16 octubre 2009 Nutrición, Padres y madres

duces de todos los santos: huesos de santos tradicionales

Hace unos días os hablamos de los dulces que son tradicionales por estas fechas. Más allá de la moda que nos impone Halloween, nuestro país sigue manteniendo viva la llama de la tradición, sobre todo, con respecto a las recetas, algunas hasta milenarias, y que nos sirven como excusa para llevarnos al paladar una exquisitez casi tan sublime como un milagro.

Afortunadamente, las confiterías y pastelerías nos las cocinan siguiendo los mismos pasos que antaño, pero por si sois de las que os gusta enfrascaros en la cocina, vamos intentar dejaros algunas de las recetas más típicas de esta festividad. Ya sabéis lo mucho que a los pequeños les gusta participar en el proceso, por lo tanto puede ser un buen momento para inventarnos una historia en torno a los huesos de santo mientras nos ayudan a su elaboración.

Ingredientes. Para el mazapán: 200 gramos de azúcar, 150 gramos de almendra molida, 100 mililitros de agua y azúcar glasé.

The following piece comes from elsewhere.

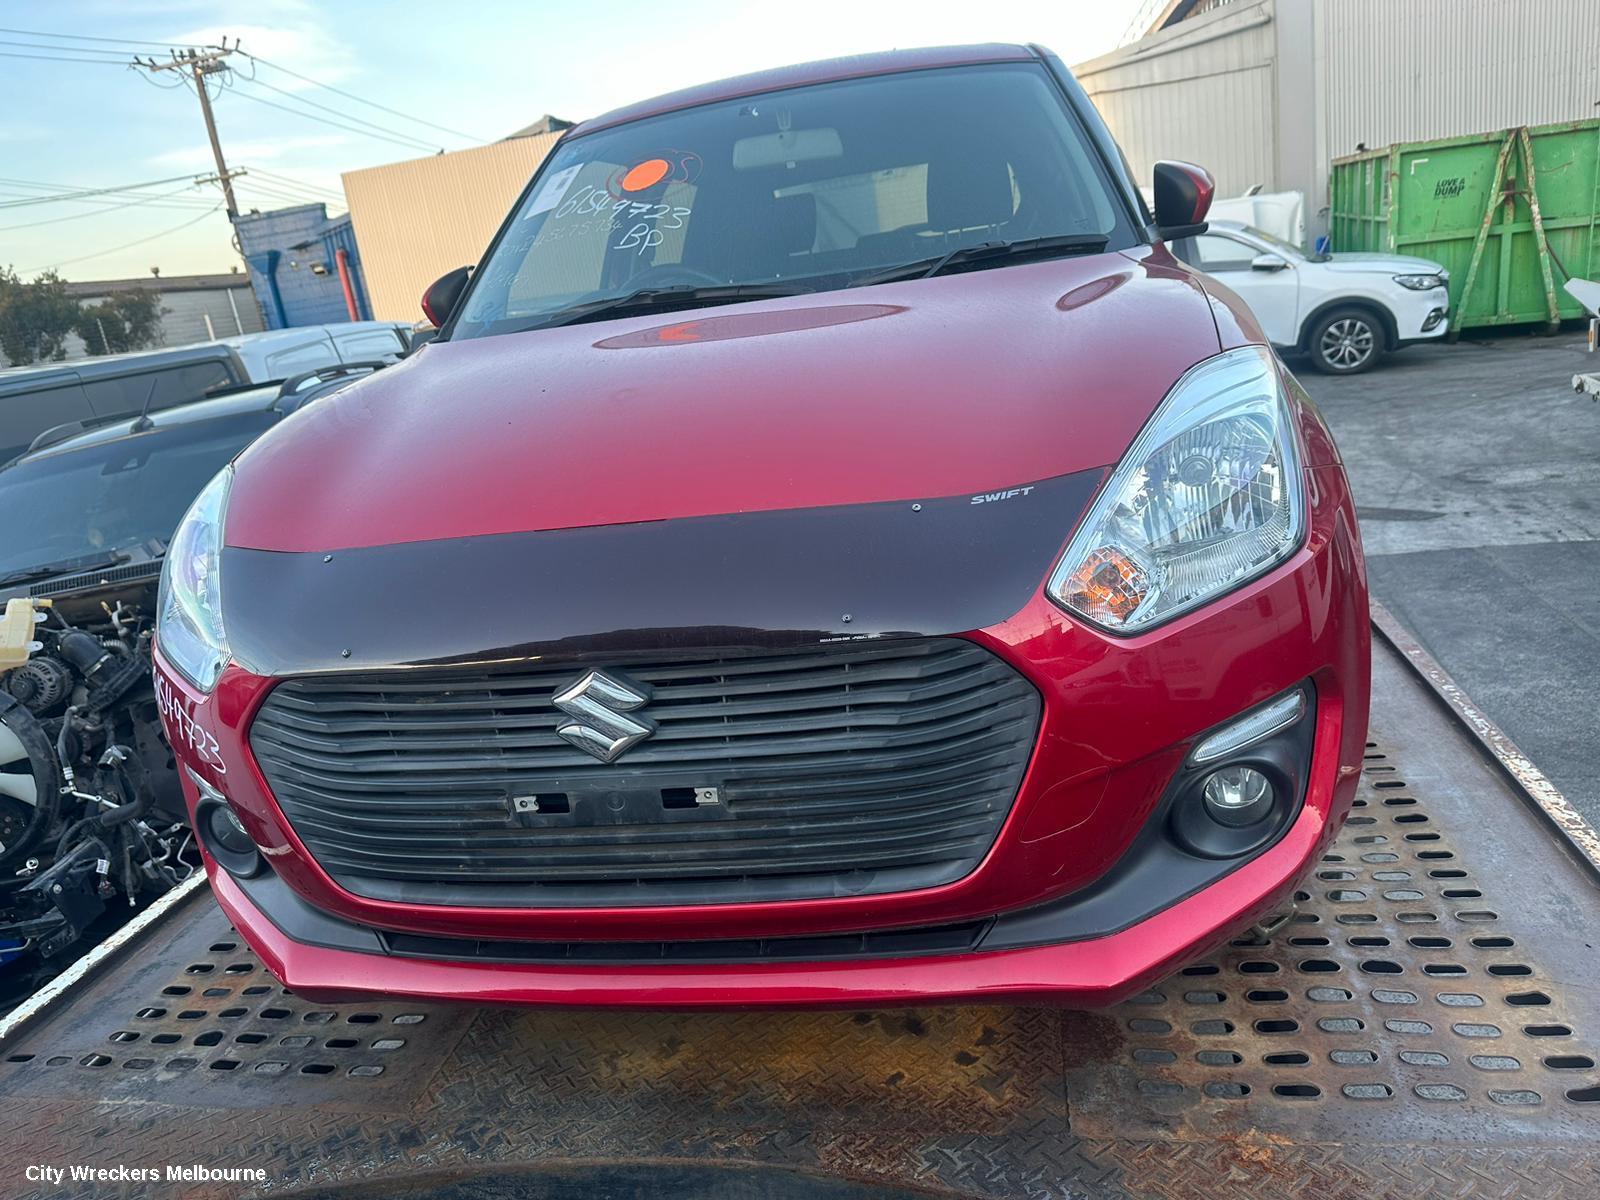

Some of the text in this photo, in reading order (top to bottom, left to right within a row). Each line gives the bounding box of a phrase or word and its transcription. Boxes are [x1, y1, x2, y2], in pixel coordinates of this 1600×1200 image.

[1436, 177, 1459, 187] LOVE
[1434, 184, 1465, 197] DUMP
[970, 485, 1035, 505] SWIFT

Para el relleno: 100 gramos de azúcar, 4 yemas de huevo y 50 gramos de agua.

Modo de hacerlo.

  • Ponemos en el fuego el agua y el azúcar, del mazapán, hasta conseguir un almíbar fuerte. Mientras vamos dando vueltas, añadir poco a poco la almendra molida para formar una masa. Dejarlo enfriar.
  • Por otro lado vamos a confeccionar el relleno que se trata de una crema de yema. Volvemos a poner el azúcar y el agua en el fuego para lograr un almíbar fuerte. Batir las yemas solas e ir añadiendo el almíbar, muy lentamente (podemos utilizar la batidora). Una vez mezclados se pone al baño maría, moviéndolo a menudo hasta que quede muy espeso. Cuidado con que no hierva pues si no se puede cortar la crema. Dejar enfriar.
  • Una vez fría la masa del mazapán la iremos estirando sobre una superficie espolvoreada de azúcar glas. Cortamos tiras de unos 4 centímetros y éstas, a su vez, en cuadrados. Cada cuadrado lo enrollaremos en un palo (nos puede servir un lápiz o unos palillos chinos) hasta formar un canutillo y pegamos la masa con los dedos. A continuación los pasamos por el azúcar glas, retiramos el palo, los dejamos secar y los rellenamos con la crema de yema.